La tarde del 12 de noviembre de 1995, en Tel Aviv, tras ofrecer un célebre discurso en favor de la paz, el primer ministro de Israel, Itzak Rabin, bajó del estrado entre aplausos y vítores, rodeado por siete guardias ultraentrenados por el Shin Bet, supuestamente el mejor cuerpo de seguridad del mundo. Tras bajar la escalinata cruzó un pequeño tramo del jardín y un poco antes de abordar el automóvil blindado que lo conduciría a casa, un joven de 25 años se le acercó a menos de cuatro metros, sacó de su chaqueta una pistola automática de nueve milímetros y la vació en el cuerpo de Rabin, ante la mirada atónita de los guardias que se petrificaron con increíble torpeza en los segundos que se tomó el joven asesino. Todavía consciente, en el camino al hospital, Rabin pensó que las heridas no eran graves y que podía salvarse. Treinta minutos después murió. El jefe de la seguridad sería despedido -¿algún parecido con Domiro García?- y los guardias sólo pudieron decir en su favor que estaban entrenados para defenderse de un comando entero y no de un asesino solitario, que logró burlarlos con una facilidad sorprendente.
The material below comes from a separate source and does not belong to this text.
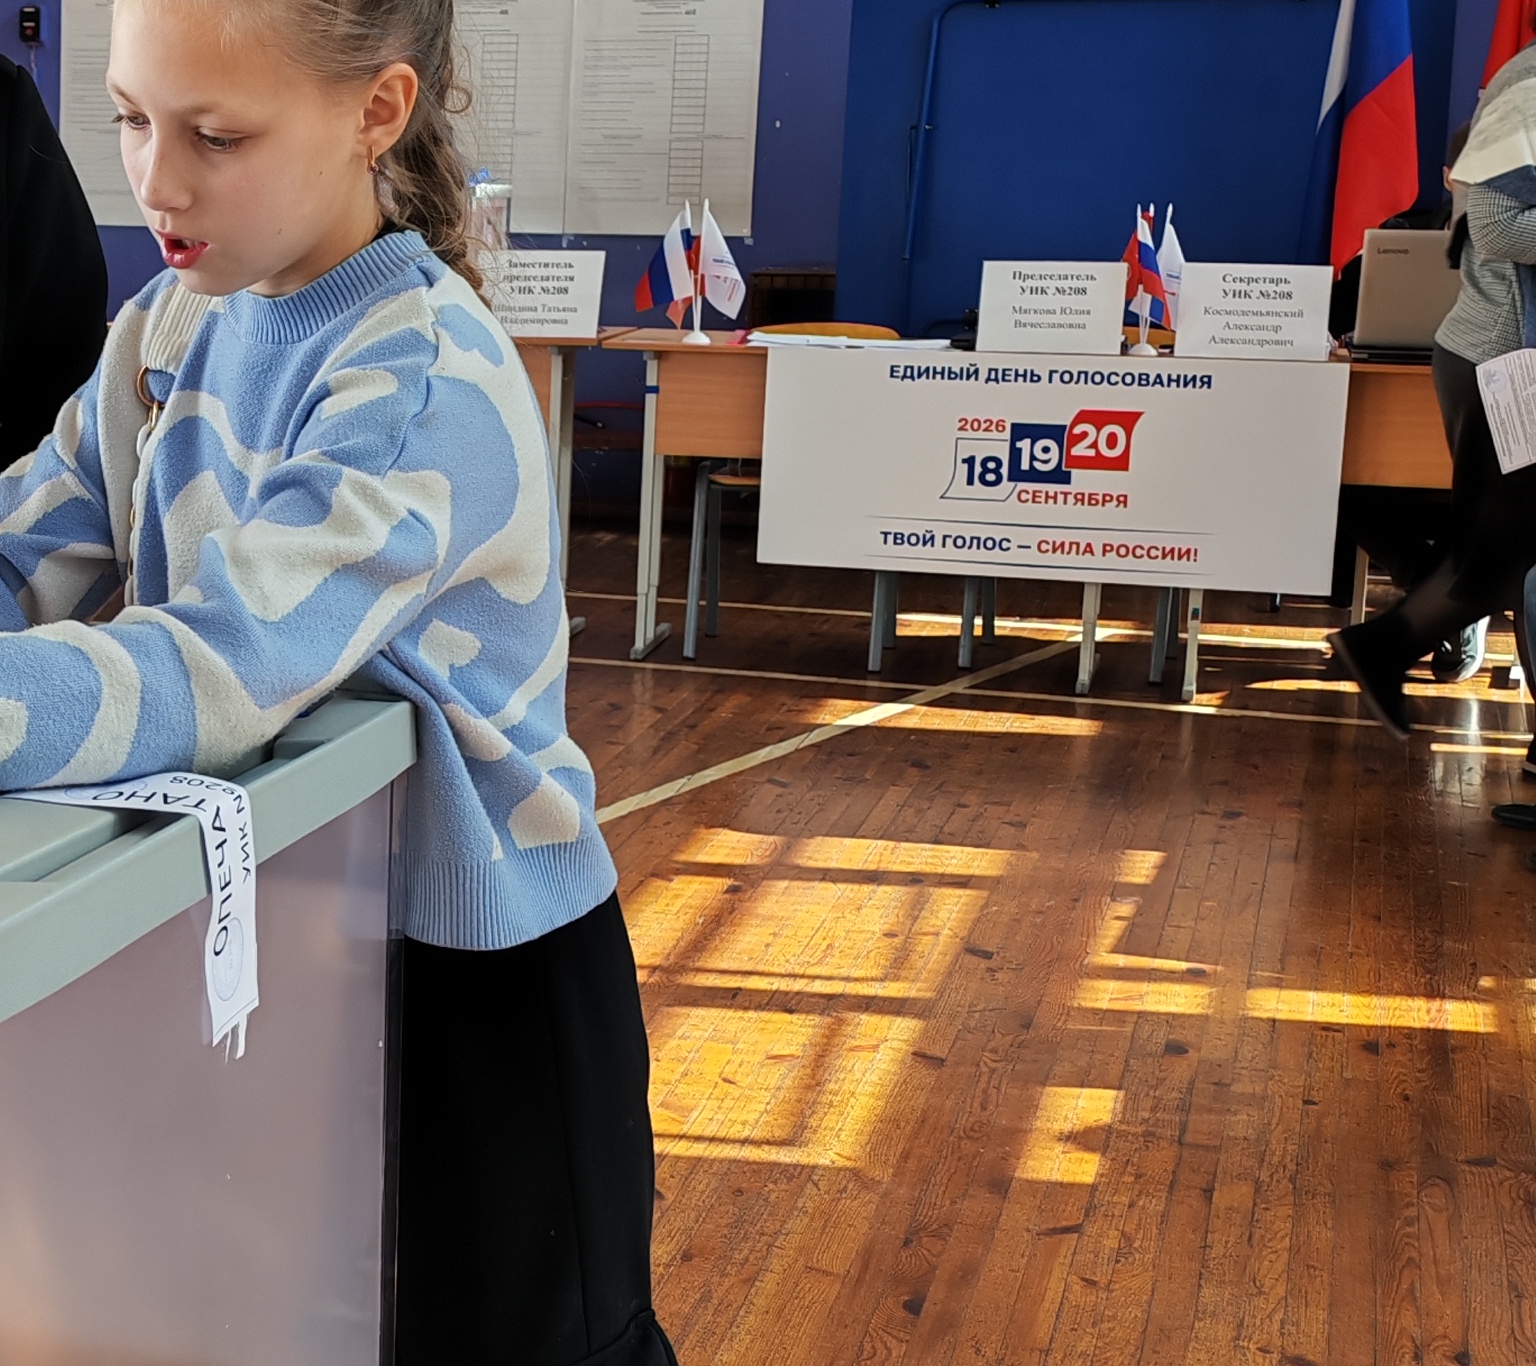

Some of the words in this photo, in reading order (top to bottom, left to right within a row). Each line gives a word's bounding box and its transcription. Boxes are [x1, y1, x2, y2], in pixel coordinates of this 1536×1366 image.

Un estudiante de leyes en la Universidad de Tel Aviv, con 25 años y todo el odio de su ultranacionalismo antiárabe sobre la espalda, simpatizante de un grupo de extrema derecha, mismo que, sin embargo, se deslindó del atentado, resultó ser el asesino. Yigal Amir, quien al ser detenido aseguro que Dios mismo le habló para realizar el crimen y asumió para sí toda la responsabilidad, es un joven fanático que llegó a entrenarse en los cuerpos policiacos del Estado israelí, de los que se apartó más tarde para seguir su propia ruta justiciera. Durante varios días Yigal Amir limó una cruz en la cabeza de las balas para que adquirieran un poder expansivo aún más devastador. Y si bien los partidarios de Itzak Rabin, es decir, el ala moderada de la política israelita, sospechan de un complot, el único personaje tras las rejas hasta la fecha es el asesino confeso, en un parecido sorprendente con el caso de Colosio y Mario Aburto.